3. Simplifier et garantir la transparence et l’équité du cadre de gestion des agents publics
- Renforcer l’équité et l’efficacité du contrôle déontologique, corollaire de l’encouragement aux mobilités public-privé (art. 16) ;
- Améliorer le cadre de travail des agents publics, ainsi que leur santé et sécurité au travail (art. 17) ;
- Mettre fin aux pratiques dérogatoires à la durée légale du travail, notamment dans la fonction publique territoriale (art. 18) ;
- Renforcer la transparence et l’information du Parlement et, plus largement, des agents et des employeurs publics territoriaux sur les actions conduites par le centre national de la fonction publique territoriale (art. 19) ;
- Fusionner les centres de gestion de la fonction publique territoriale, sur la base du volontariat, pour améliorer la qualité du service rendu (art. 19) ;
- Déconcentrer les actes de gestion du personnel, pour les rapprocher au plus près de la réalité du terrain, dans la fonction publique hospitalière (art. 20).

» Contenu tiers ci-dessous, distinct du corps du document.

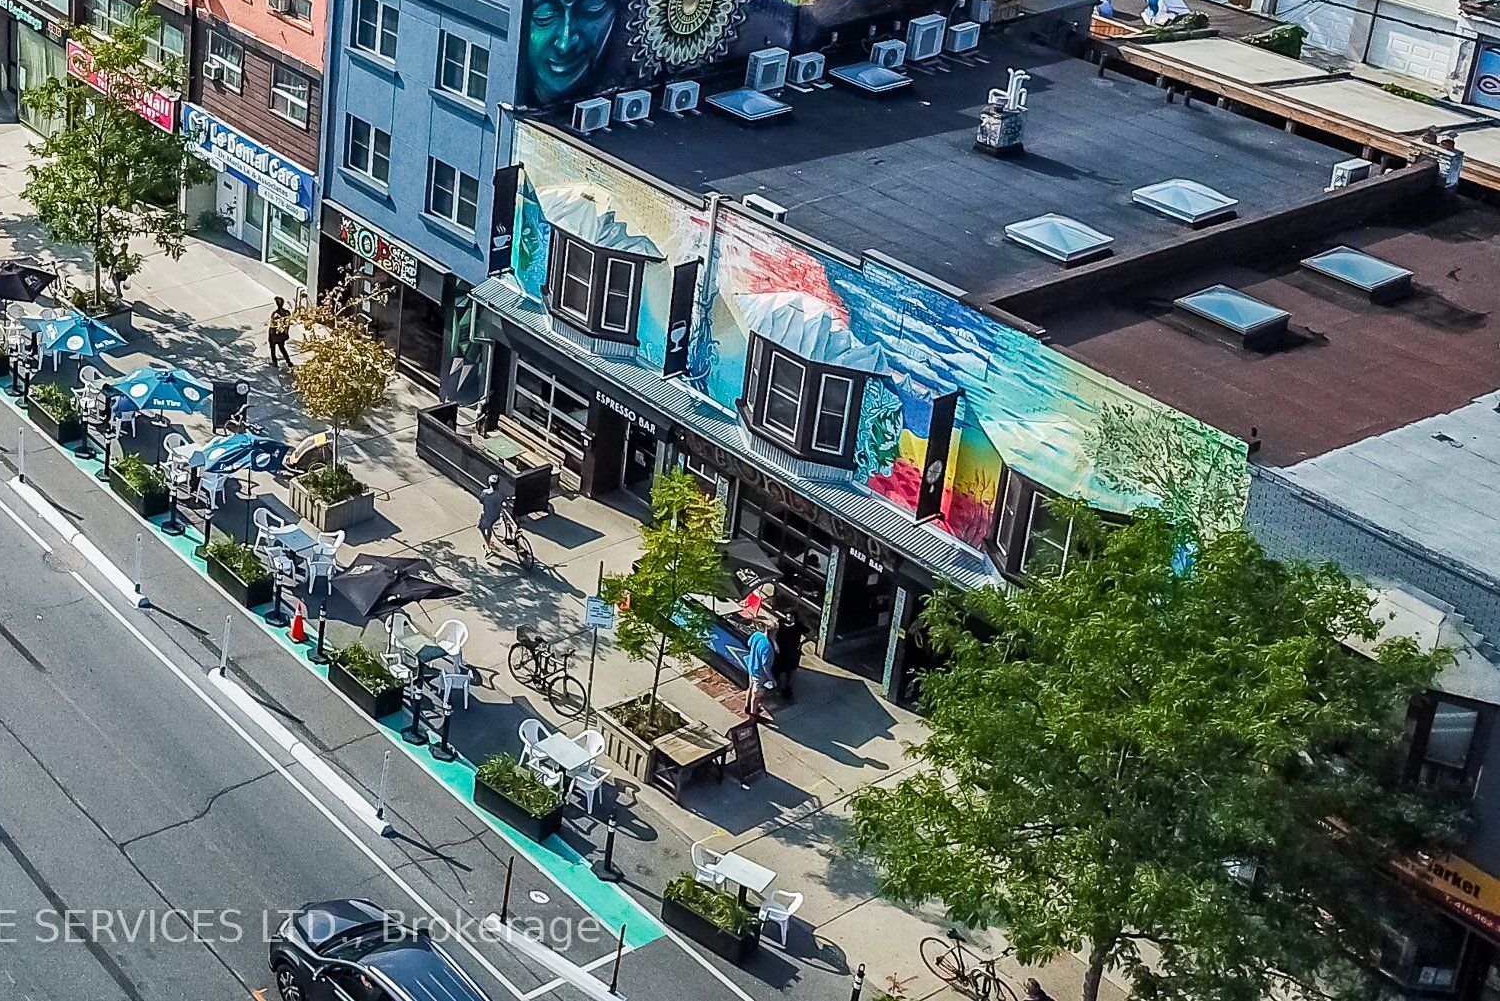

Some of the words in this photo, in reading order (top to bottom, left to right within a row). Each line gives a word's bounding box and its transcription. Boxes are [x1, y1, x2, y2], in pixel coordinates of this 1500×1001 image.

4. Favoriser la mobilité et accompagner les transitions professionnelles des agents publics dans la fonction publique et le secteur privé
- Garantir la portabilité du compte personnel de formation en cas de mobilité entre secteurs public et privé (art. 21) ;
- Mieux structurer l’appareil de formation, et renforcer l’offre de formation et de qualification dans les trois versants de la fonction publique, avec la mise en œuvre d’un plan d’action spécifique pour les agents les moins qualifiés, ou en situation de handicap, ou exposés aux risques d’usure professionnelle (art. 22) ;
- Supprimer les freins juridiques ou financiers à la mobilité des agents, notamment par la neutralisation du différentiel de contribution employeur pour les droits à pension des agents publics (art. 23) et la possibilité pour les fonctionnaires de changer de ministère ou d’établissement public tout en restant en position d’activité (art. 24) ;
- Permettre la portabilité du CDI, en cas de mobilité des agents entre les trois versants de la fonction publique (art. 25) ;
- Créer un dispositif de rupture conventionnelle au bénéfice des agents en CDI, afin de favoriser les secondes carrières, et l’expérimenter pour les fonctionnaires dans les trois versants (art. 26) ;
- Garantir à tout agent dont l’emploi est supprimé dans le cadre d’une restructuration, un reclassement sur un nouvel emploi au niveau local ou, s’il le souhaite, un accompagnement RH et financier pour poursuivre sa carrière dans le secteur privé (art. 27) ;
- Protéger les agents en cas de changement de périmètre des services publics, par la mise en place d’un dispositif de détachement automatique en cas de transfert de l’activité exercée vers le secteur privé (art. 28).
5. Renforcer l’égalité professionnelle dans la fonction publique, en premier lieu l’égalité entre les femmes et les hommes en application de l’accord majoritaire du 30 novembre 2018 en
- Rendre obligatoire pour les employeurs publics la mise en œuvre de plans d’actions en faveur de l’égalité entre les femmes et les hommes et de la suppression des écarts de rémunération, sous peine de sanctions financières (art. 29) ;
- Créer au sein de tous les employeurs publics un dispositif de signalement des violences sexistes et sexuelles, ainsi que des cas de harcèlement (art. 29) ;
- Etendre le dispositif des nominations équilibrées entre les femmes et les hommes à un plus grand nombre d’emplois de direction, sous peine de sanctions financières (art. 30) ;
- Garantir la mixité des jurys et comités de sélection dans la fonction publique (art. 31)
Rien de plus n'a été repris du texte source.